EOS imaging, the pioneer of 2D/3D imaging and data solutions for orthopedics, today announced it has received 510(k) clearance from the FDA for its hipEOS 3.0 surgical planning software.

hipEOS 3.0 is the latest generation of the surgical planning software for total hip arthroplasty (THA) and is part of the EOSapps suite of online 3D surgical planning solutions (spineEOS, hipEOS, kneeEOS). The EOSapps, based on unbiased, weight-bearing EOS images and an accurate 2D/3D patient-specific data set, automatically select and best-position implants in 3D, enabling surgeons to identify patient risks and develop customized plans based on each patient’s unique 3D anatomy. Specifically, hipEOS 3.0 simulates the patient’s hip range of motion based on EOS functional standing and seated exams allowing physicians to visualize and anticipate impingement and dislocation risks based on the position of the implant components.

“The EOS platform combines efficient full body, low dose biplanar imaging with online 3D EOSapps that allow physicians to simulate, plan and control post-operative results,” says Marie Meynadier, CEO of EOS imaging. “In addition to providing improved tools for selecting and positioning implants, our EOSapps make it easier for surgeons to engage with and educate patients by showing their treatment plan in a user-friendly 3D environment. With this new clearance, we are thrilled to offer a solution that can help surgeons identify patients at risk, use 3D data to plan a customized treatment to mitigate these risks, and ultimately improve outcomes.”
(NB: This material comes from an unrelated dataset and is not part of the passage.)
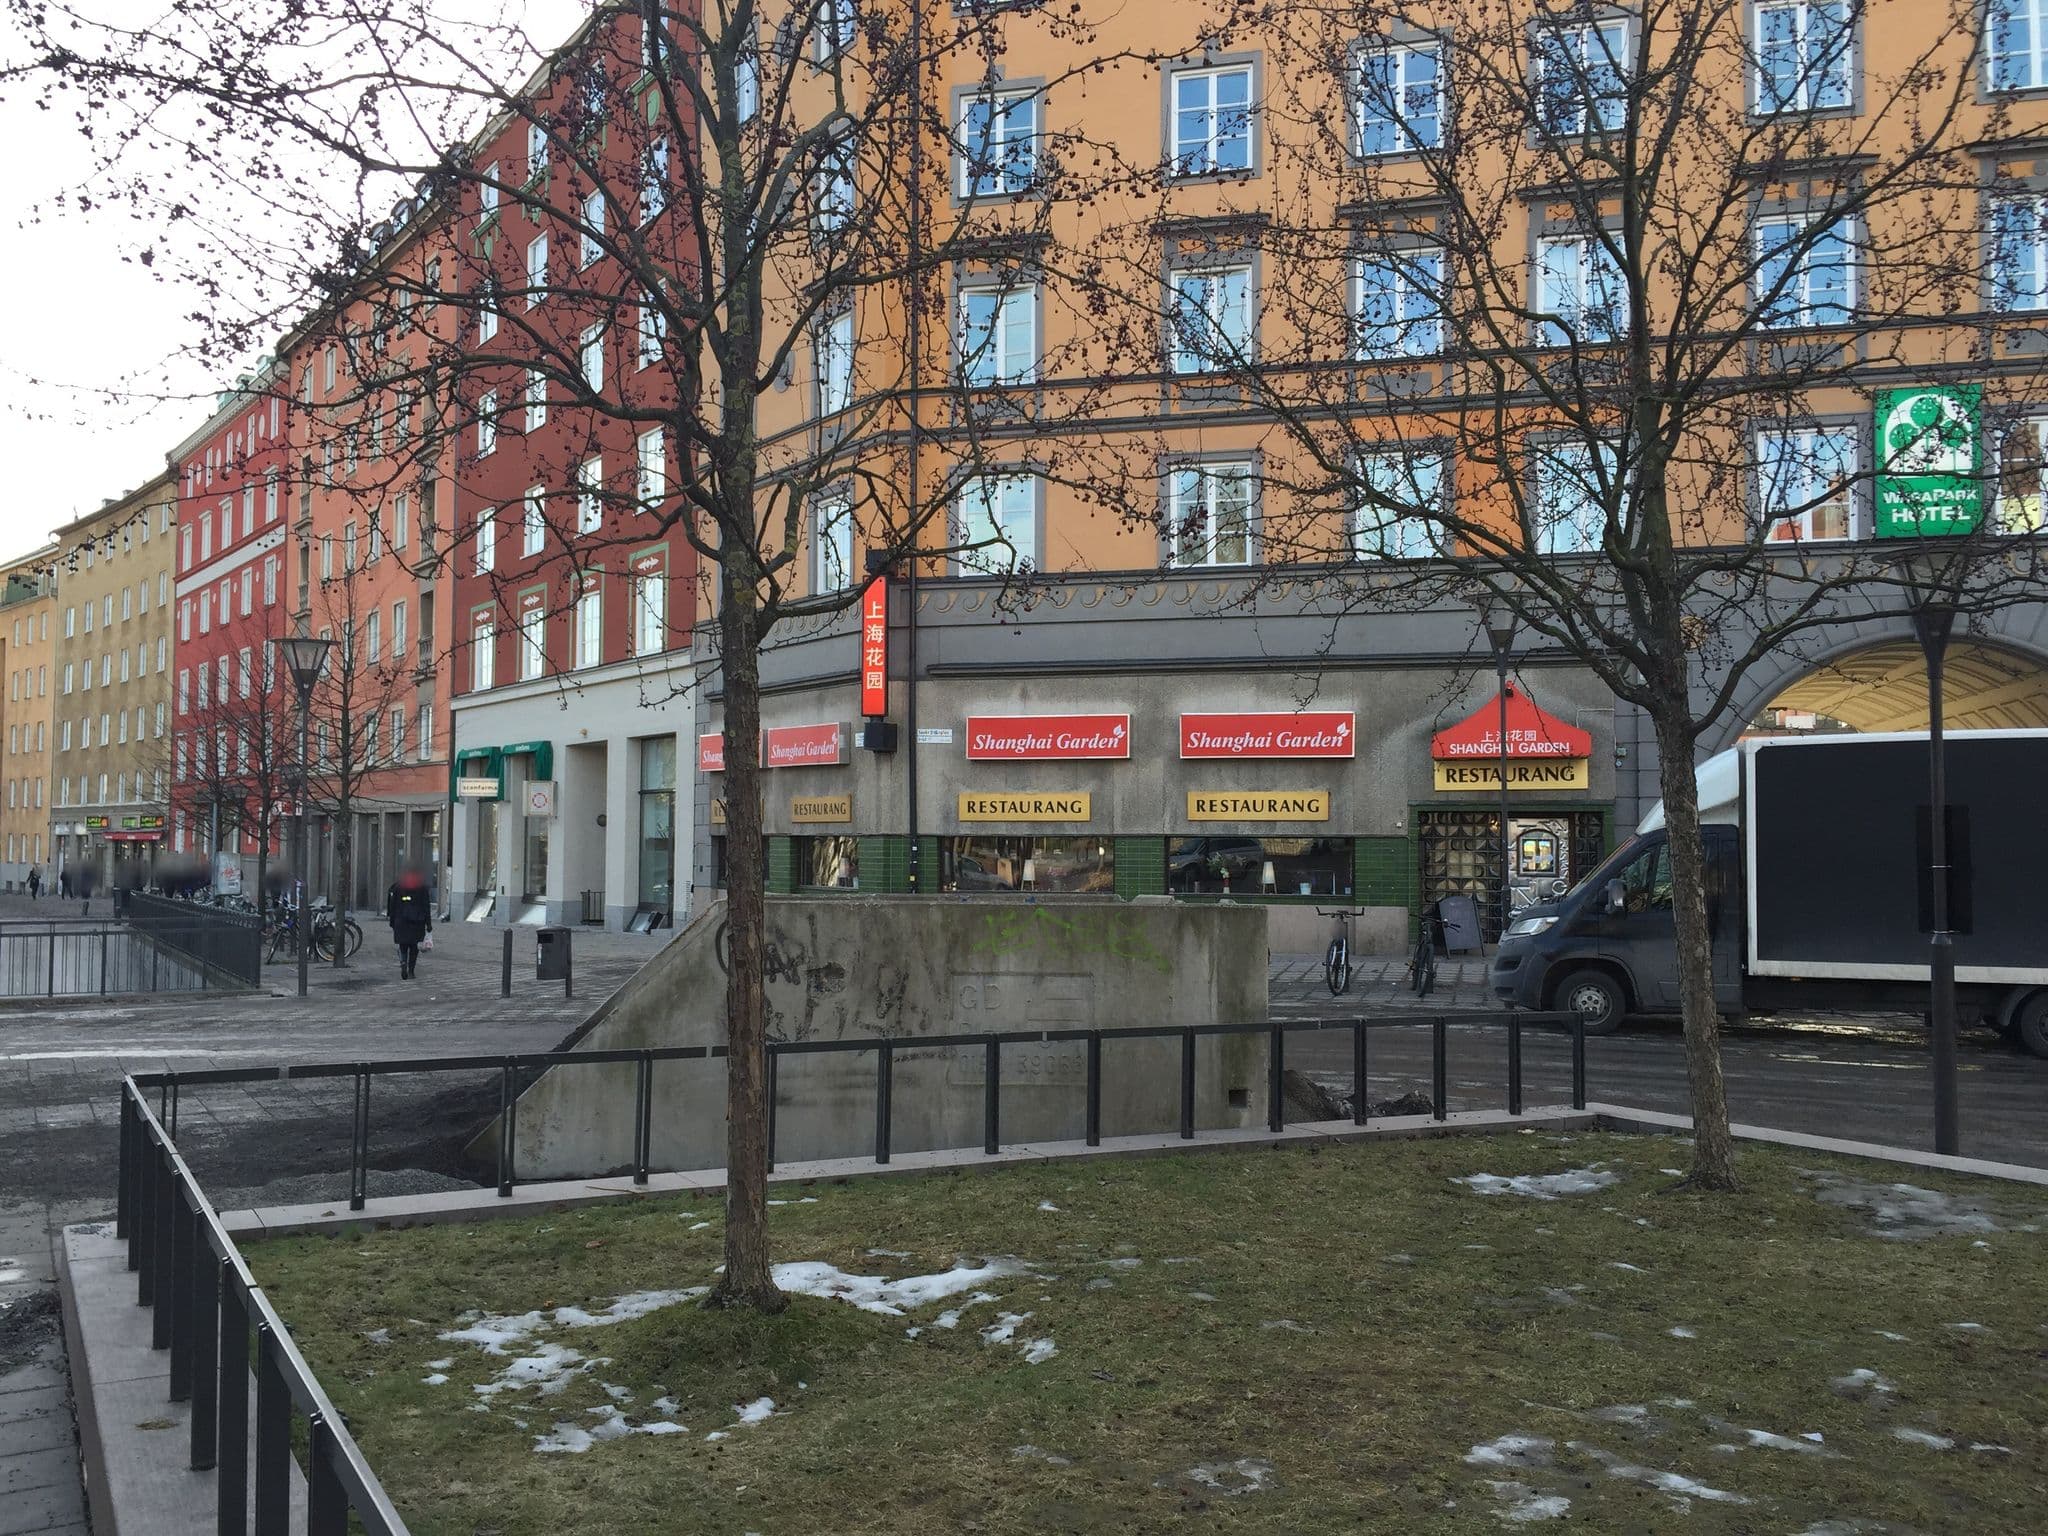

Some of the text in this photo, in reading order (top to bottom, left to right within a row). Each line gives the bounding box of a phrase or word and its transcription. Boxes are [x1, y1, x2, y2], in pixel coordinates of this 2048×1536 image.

When the hipEOS solution is utilized, the software offers an initial plan for the size and position of the implant components based on the patient’s 3D data and anatomical model. The plan can be further adjusted by the physician with immediate feedback on how changes affect relevant clinical parameters. With the patient-specific data from full body, weight-bearing 2D/3D EOS images, hipEOS can be used to anticipate and better plan for the outcome of the surgical strategy, including leg length discrepancies, femoral offset and torsion, as well as hip mobility.